Implements `Vera` #763

julian-fong · 2024-12-01T17:22:42Z

This PR aims to implement Vera, which introduces trainable parameters d and b while keeps LoRA matrices A and B frozen, random, and shared across layers.

I've opted to put the Vera implementation under the Lora implementation (like IA3)

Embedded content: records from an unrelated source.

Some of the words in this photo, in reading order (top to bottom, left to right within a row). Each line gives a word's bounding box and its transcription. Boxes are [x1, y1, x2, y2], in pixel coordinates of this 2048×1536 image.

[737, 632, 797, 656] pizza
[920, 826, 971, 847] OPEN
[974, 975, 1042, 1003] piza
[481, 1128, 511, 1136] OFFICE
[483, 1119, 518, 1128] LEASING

Paper: https://arxiv.org/pdf/2310.11454

This PR includes:

A new Vera implementation under the lora methods file
A new adapter config named VeraConfig
A shared parameter initialization function that takes in the init_weights argument set from the VeraConfig
A new criteria inside the add_adapter function inside the LoRALayer to check if we should use the Vera class. Currently, the criteria will check to see if the parameters from the VeraConfig d and b are of type float, its the most simple criteria I could think of at the moment.
A new parameter included added inside add_adapter inside the LoRALayer as suggested. It will now pass the name of the adapter inside the __init__ function.

Things to note:

In the original Vera paper, the decomposition matrices B and A are frozen and shared across layers. As suggested, I've opted to create these matrices similar to the PHMLayer implementation, using a new method named init_shared_vera_parameters. This function will take in the init_weights argument set from the VeraConfig to setup the initialization of B and A, while the other parameters from the VeraConfig will be used inside the Vera module.

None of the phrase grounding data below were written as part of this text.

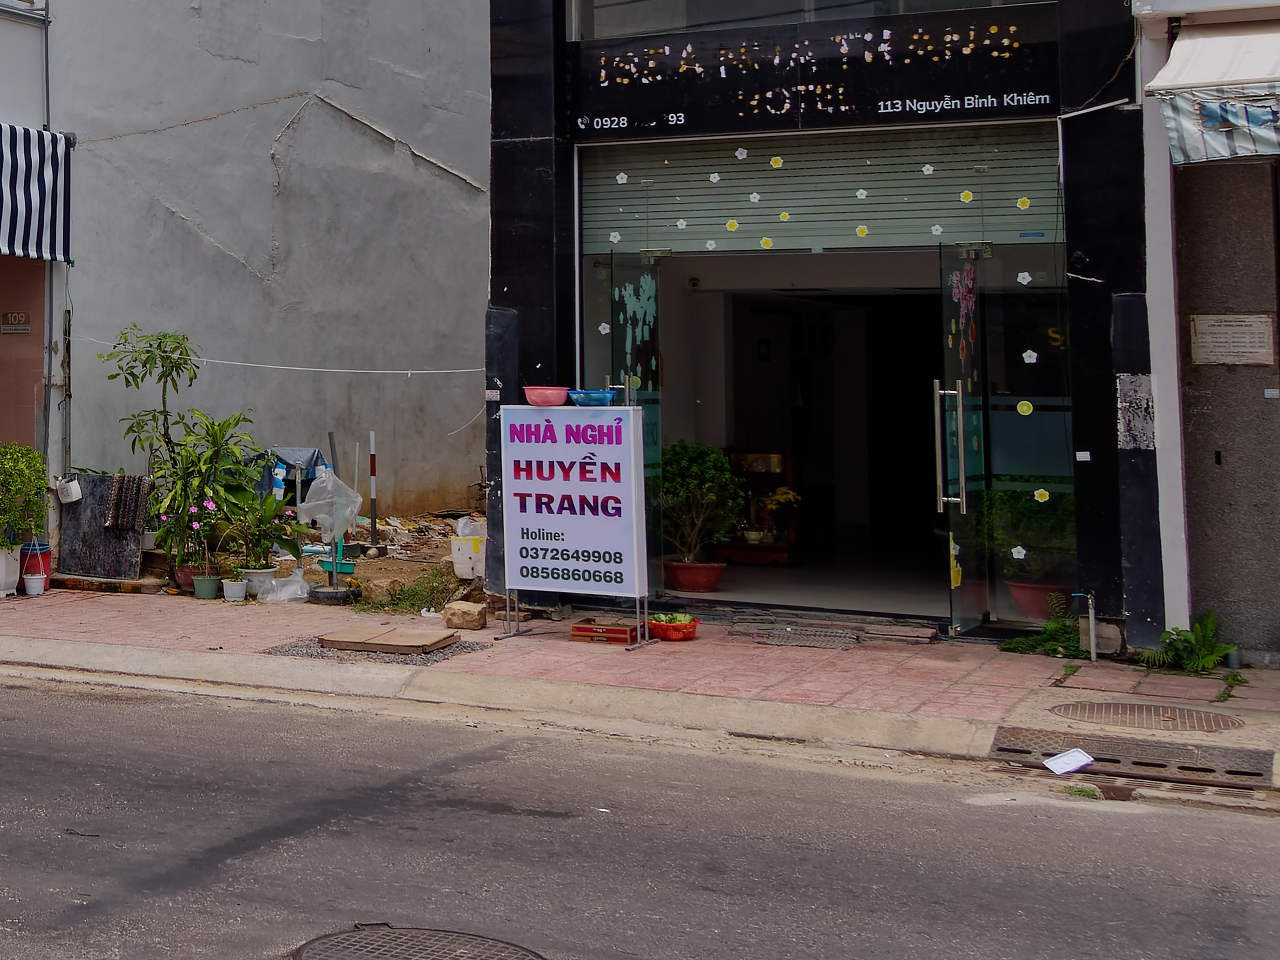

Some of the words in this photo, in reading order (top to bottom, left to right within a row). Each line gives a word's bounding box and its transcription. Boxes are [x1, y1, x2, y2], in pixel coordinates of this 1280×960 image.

[877, 101, 902, 113] 113
[906, 95, 961, 113] Nguyễn
[1003, 92, 1050, 107] Khiêm
[593, 116, 628, 128] 0928
[8, 313, 25, 324] 109
[509, 418, 558, 444] NHÀ
[565, 417, 623, 445] NGHỈ
[513, 452, 623, 483] HUYỀN
[512, 493, 622, 517] TRANG
[521, 528, 565, 542] Holine:
[519, 546, 623, 564] 0372649908
[519, 566, 624, 584] 0856860668
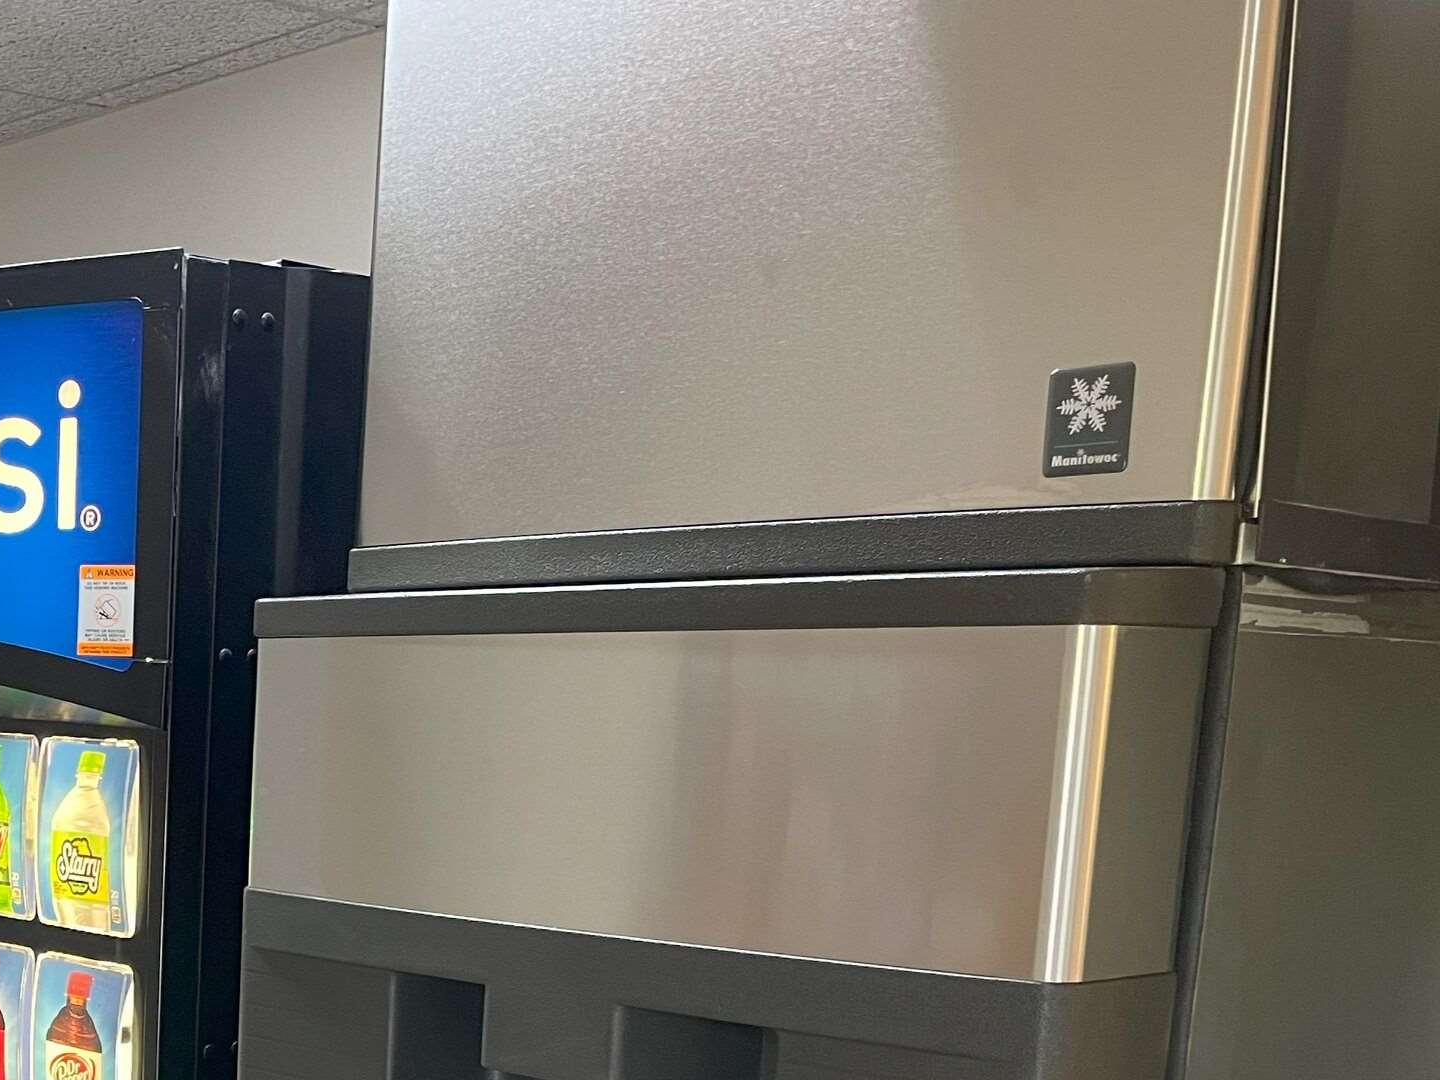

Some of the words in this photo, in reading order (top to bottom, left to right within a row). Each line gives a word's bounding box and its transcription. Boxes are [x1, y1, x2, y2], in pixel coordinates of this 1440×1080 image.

[1051, 453, 1119, 467] Manitowoc
[96, 568, 134, 577] WARNING
[57, 840, 101, 893] Starry

As I'm not 100% sure what the composition modes do ('add', 'scale'), I've opted the Vera class to be use only if composition_mode is set to add, and either d or b are of type float (and not None).

reviews appreciated!

julian-fong · 2024-12-01T21:29:23Z

@calpt Regarding the paper: from my first readings it seems like it doesn't mention any scaling via a constant alpha/r or any gating. Should I still include it in the vera implementation to make it consistent with the lora and IA3 modules? I am also assuming the com and com_inv would also need to be re-included for Vera in order to allow for integration with the LoRALayer class

calpt · 2024-12-02T23:18:07Z

@calpt Regarding the paper: from my first readings it seems like it doesn't mention any scaling via a constant alpha/r or any gating. Should I still include it in the vera implementation to make it consistent with the lora and IA3 modules? I am also assuming the com and com_inv would also need to be re-included for Vera in order to allow for integration with the LoRALayer class

yes, doesn't hurt to include these options even if not mentioned in the paper, unless this makes the implementation significantly more challenging

julian-fong · 2024-12-14T03:56:20Z

I'll also include a new test module to test the Vera module similar to the IA3 and the Lora test modules soon

calpt

did a first review pass, thanks for working on this!
will review again once we have tests & docs added.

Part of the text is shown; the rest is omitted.